Monday 4 November 2019

Future Histories And Historical Fictions: Two Blurbs

"From glittering Venice to bloody Gallipoli, from barbaric northern Europe to decadent Byzantium, plundering hordes hacked and tore at the once mighty Roman Empire."
-back cover blurb on Poul Anderson, Rogue Sword (New York, 1960).

"The barbarians in their long ships waiting at the edge of the Galaxy...

"...waited for the ancient Terran Empire to fall..."
-back cover blurb on Poul Anderson, The Rebel Worlds (London, 1973).

And, if you find it implausible that history will repeat itself on that scale, then you can also read Anderson's Genesis (2000) which presents a post-organic interstellar future.

3 comments:

Sean M. Brooks said...

Kaor, Paul!

And as readers will soon see if they read ROGUE SWORD, the declining Eastern Roman Empire of the early 1300's was indeed being all too literally torn and hacked at by ferocious enemies!

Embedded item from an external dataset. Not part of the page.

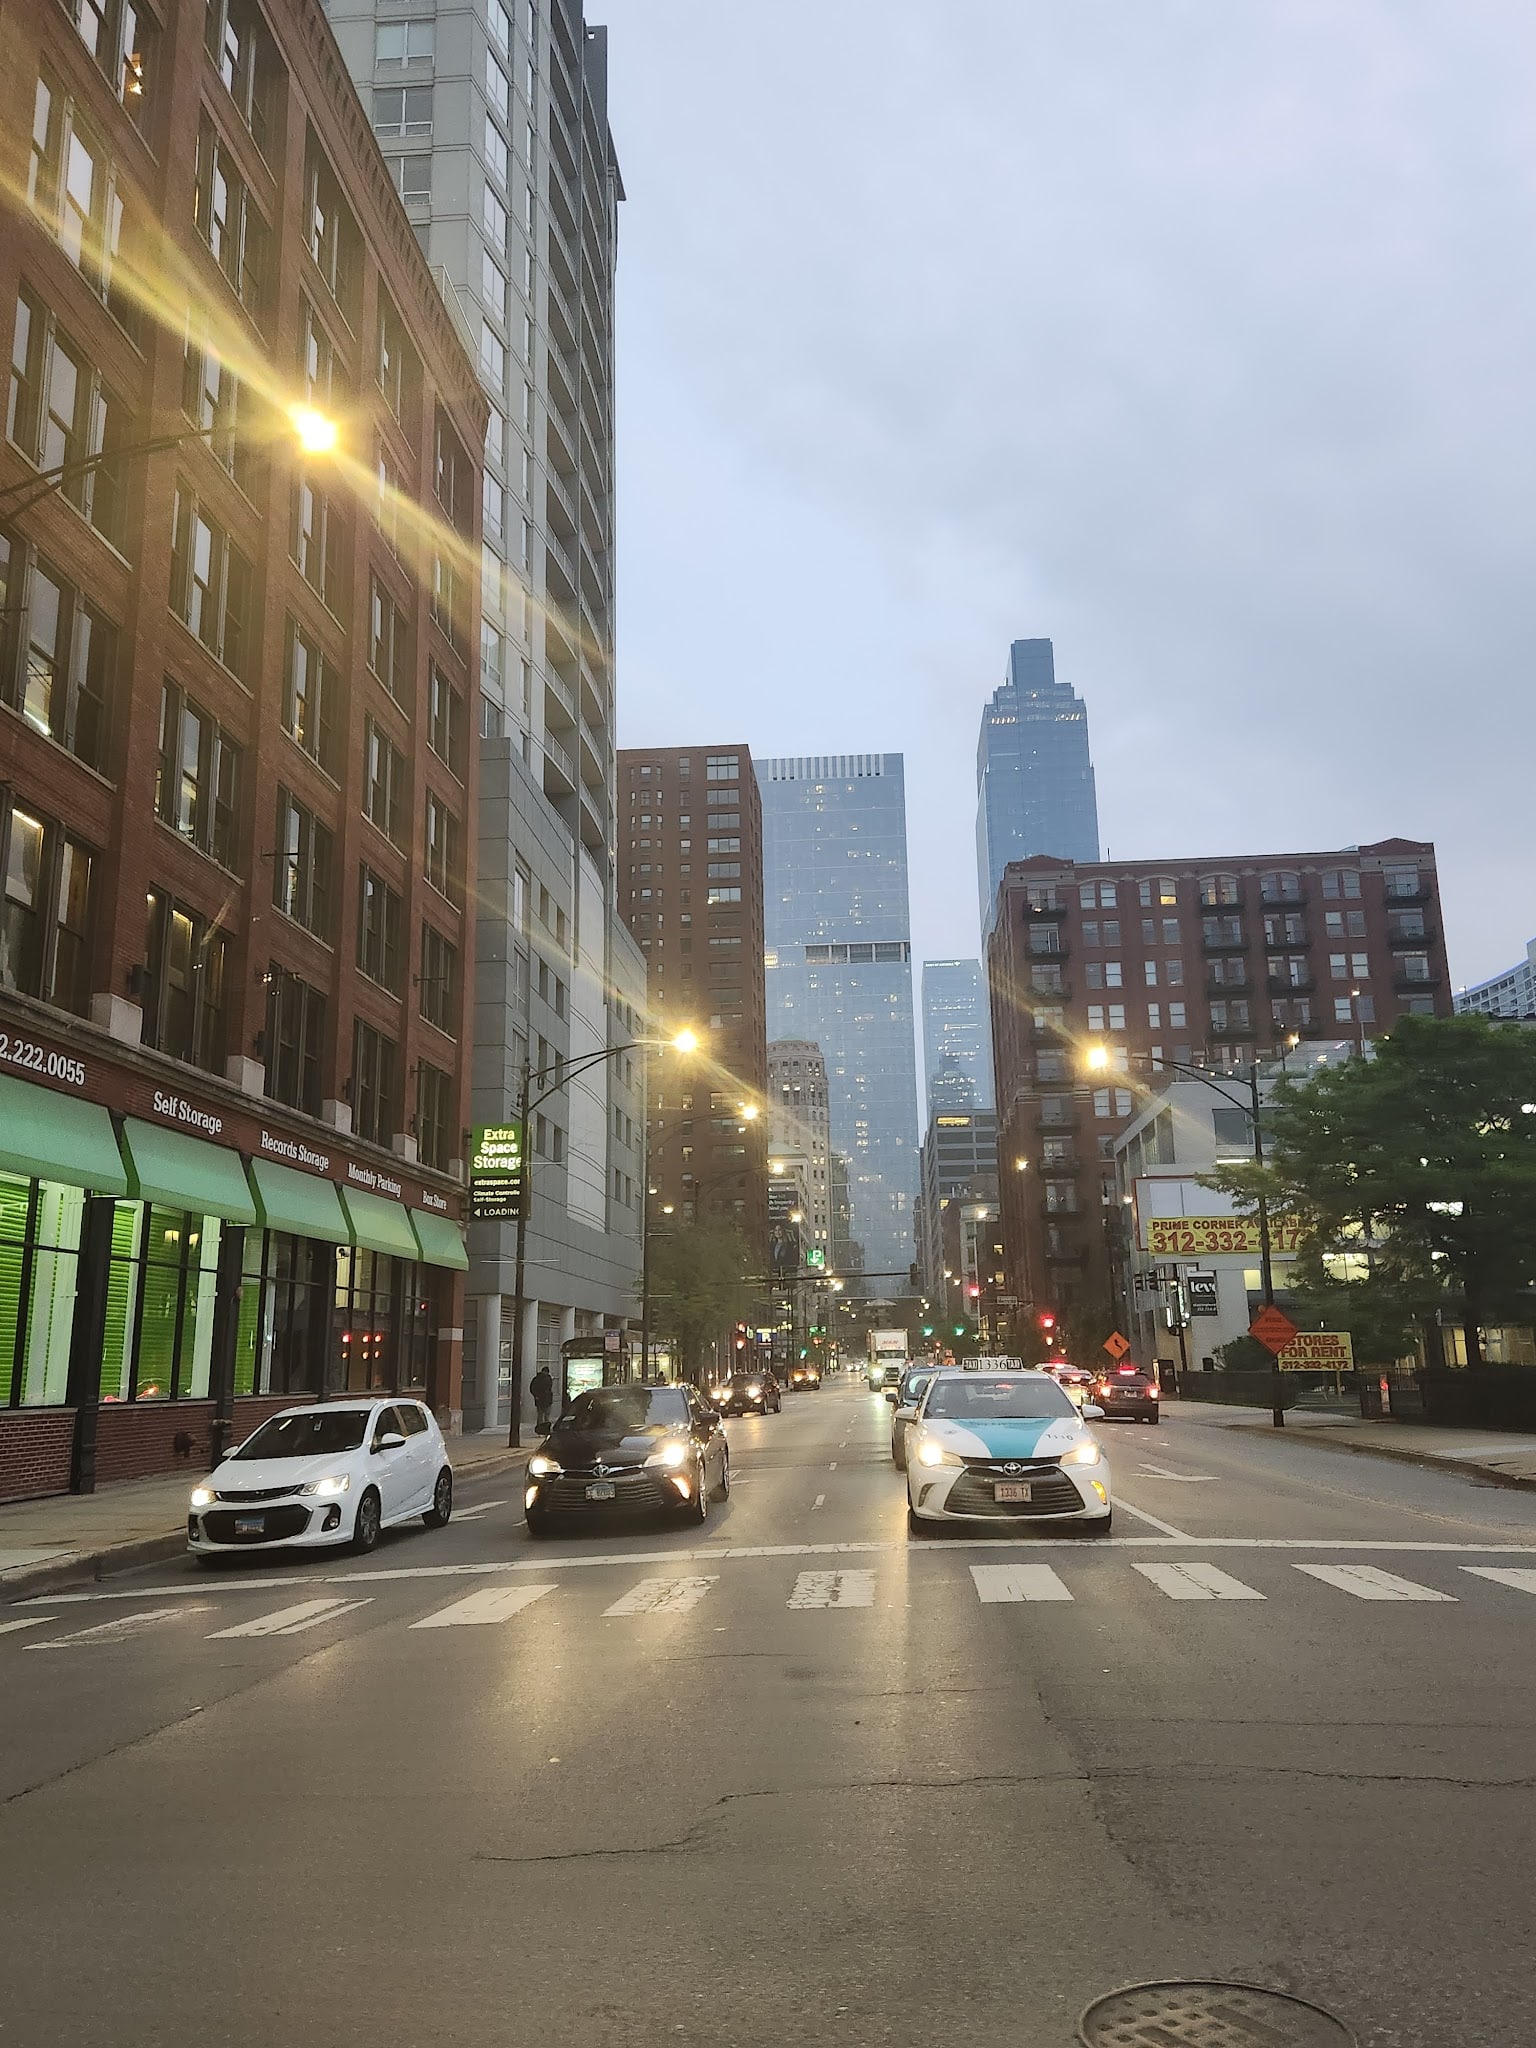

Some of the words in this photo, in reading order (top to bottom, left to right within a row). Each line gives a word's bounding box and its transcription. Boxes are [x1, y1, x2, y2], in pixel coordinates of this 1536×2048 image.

I'm a bit puzzled by the rest of this blog piece of yours. Do you truly think it's that implausible for barbarians to conquer or overrun an advanced civilization? Even one that had FTL star travel? I myself don't think that is so unlikely! Recall how Poul Anderson gave some detailed thought in the revised version of "Tiger By The Tail" to how barbarians could be a danger to a civilization.

Ad astra! Sean

paulshackley2017@gmail.com said...

Sean,
Some readers think that the Roman Empire projected onto an interstellar scale is implausible.

Paul.

Sean M. Brooks said...

Kaor, Paul!

ABSENT some kind of FTL drive, I would agree. But if FTL is ever possible, I think some kind of interstellar empire would be possible. Because the technology necessary for enabling that would be available. Heck, it would not even have to be called and "empire." Drake and Stirling, in their THE GENERAL books, has the interstellar realm which once ruled the planet Bellevue being the Terran FEDERATION.

My point being, humans being what they are, I can imagine many different kinds political arrangements being tried out. And if readers think one possibility, the Imperial form, is implausible, then they need to give some thought to explaining why they think so, rather than just dismissing it.